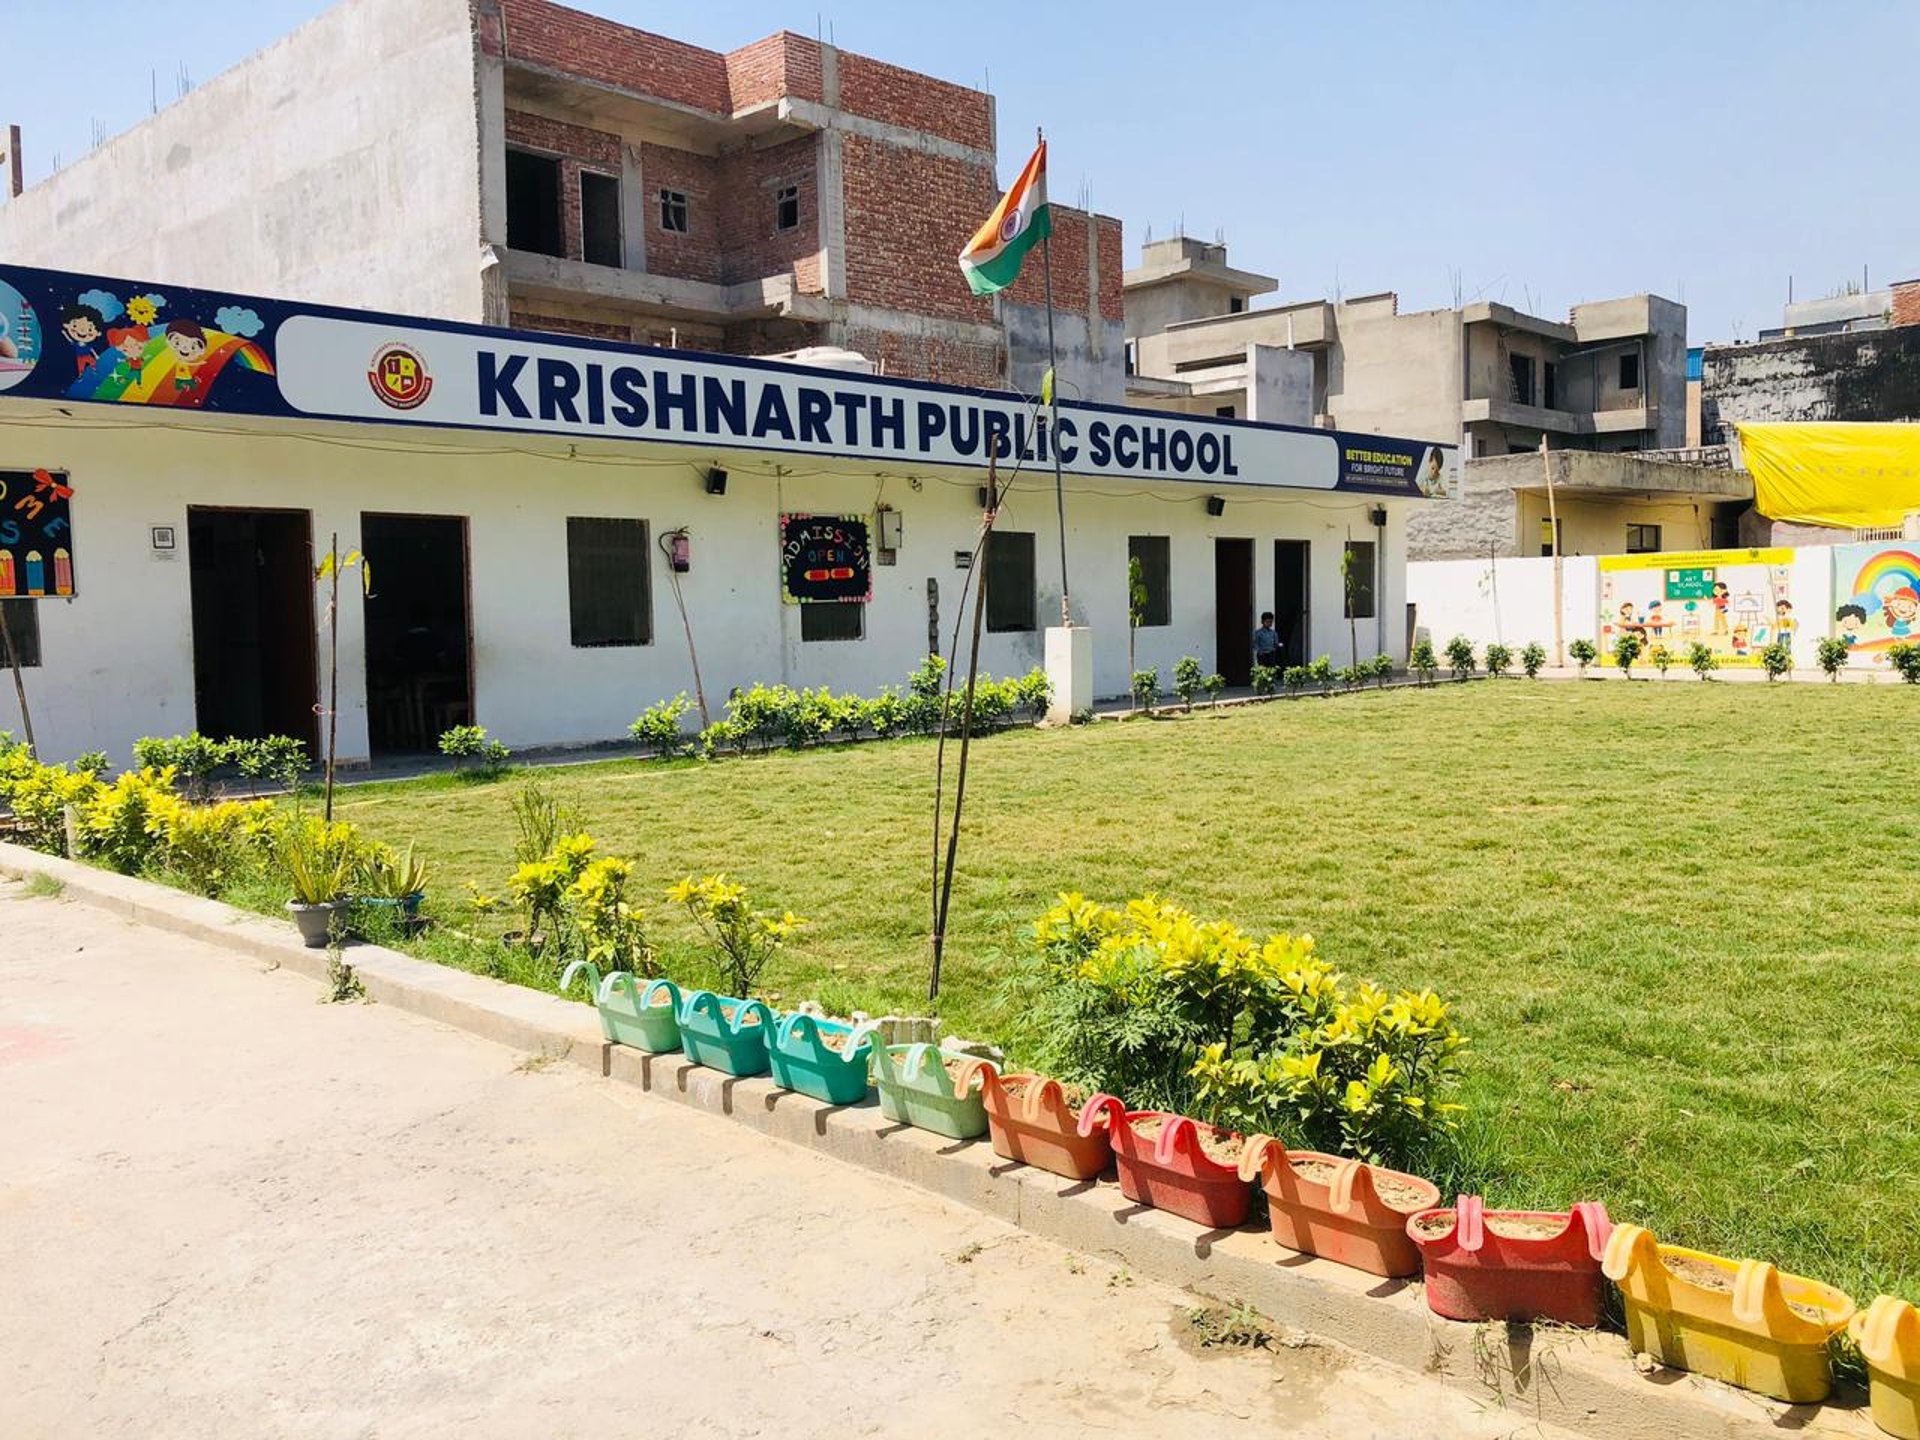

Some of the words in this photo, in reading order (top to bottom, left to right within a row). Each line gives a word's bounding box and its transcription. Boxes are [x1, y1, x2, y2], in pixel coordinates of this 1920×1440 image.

[478, 351, 905, 449] KRISHNARTH
[918, 402, 1079, 464] PUBLIC
[1089, 421, 1238, 476] SCHOOL
[1346, 449, 1371, 463] BETTER
[1373, 452, 1412, 466] EDUCATION
[1351, 463, 1362, 473] FOR
[783, 526, 869, 570] ADMISSION
[808, 550, 845, 562] OPEN
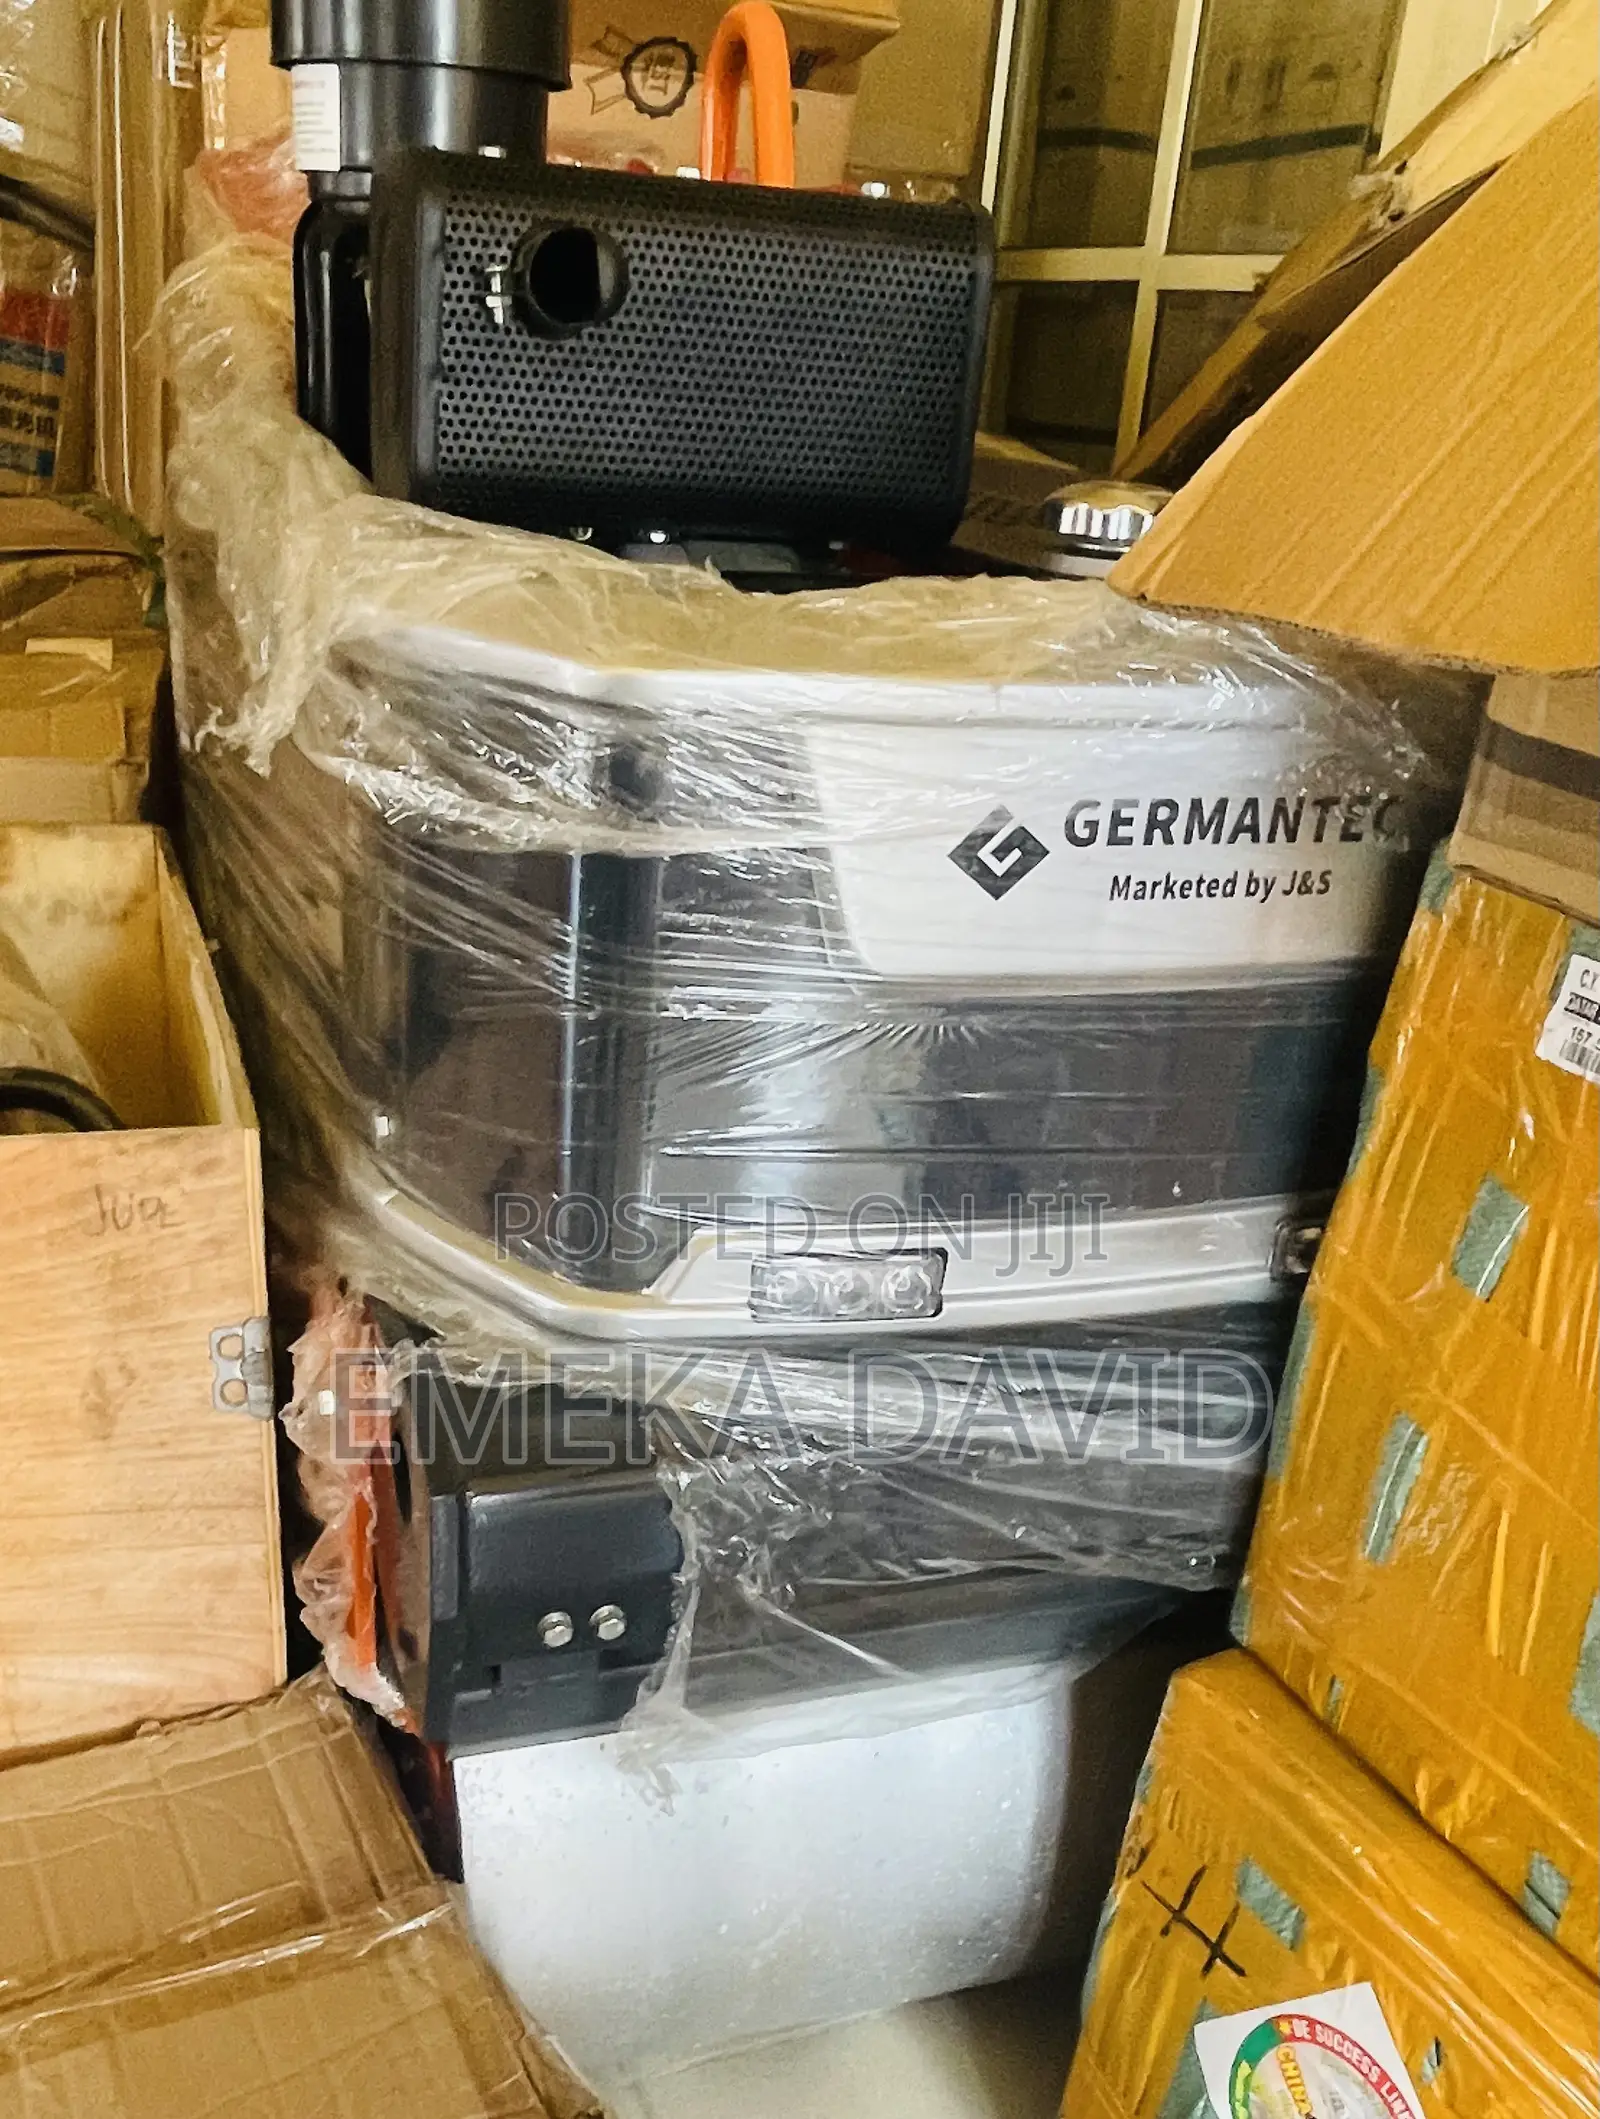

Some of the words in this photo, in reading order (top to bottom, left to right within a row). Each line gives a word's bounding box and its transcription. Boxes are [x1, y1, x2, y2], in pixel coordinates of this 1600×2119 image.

EXERCISE OBJECTIVE: Copy the records word for word, leaving no picture in the copy.

RESPONSE AREA:
Some of the words in this photo, in reading order (top to bottom, left to right within a row). Each line gives a word's bounding box and its transcription. Boxes are [x1, y1, x2, y2], in pixel coordinates of this 1920×1440 image.

[478, 351, 905, 449] KRISHNARTH
[918, 402, 1079, 464] PUBLIC
[1089, 421, 1238, 476] SCHOOL
[1346, 449, 1371, 463] BETTER
[1373, 452, 1412, 466] EDUCATION
[1351, 463, 1362, 473] FOR
[783, 526, 869, 570] ADMISSION
[808, 550, 845, 562] OPEN

Some of the words in this photo, in reading order (top to bottom, left to right within a row). Each line gives a word's bounding box and its transcription. Boxes are [x1, y1, x2, y2], in pixel coordinates of this 1600×2119 image.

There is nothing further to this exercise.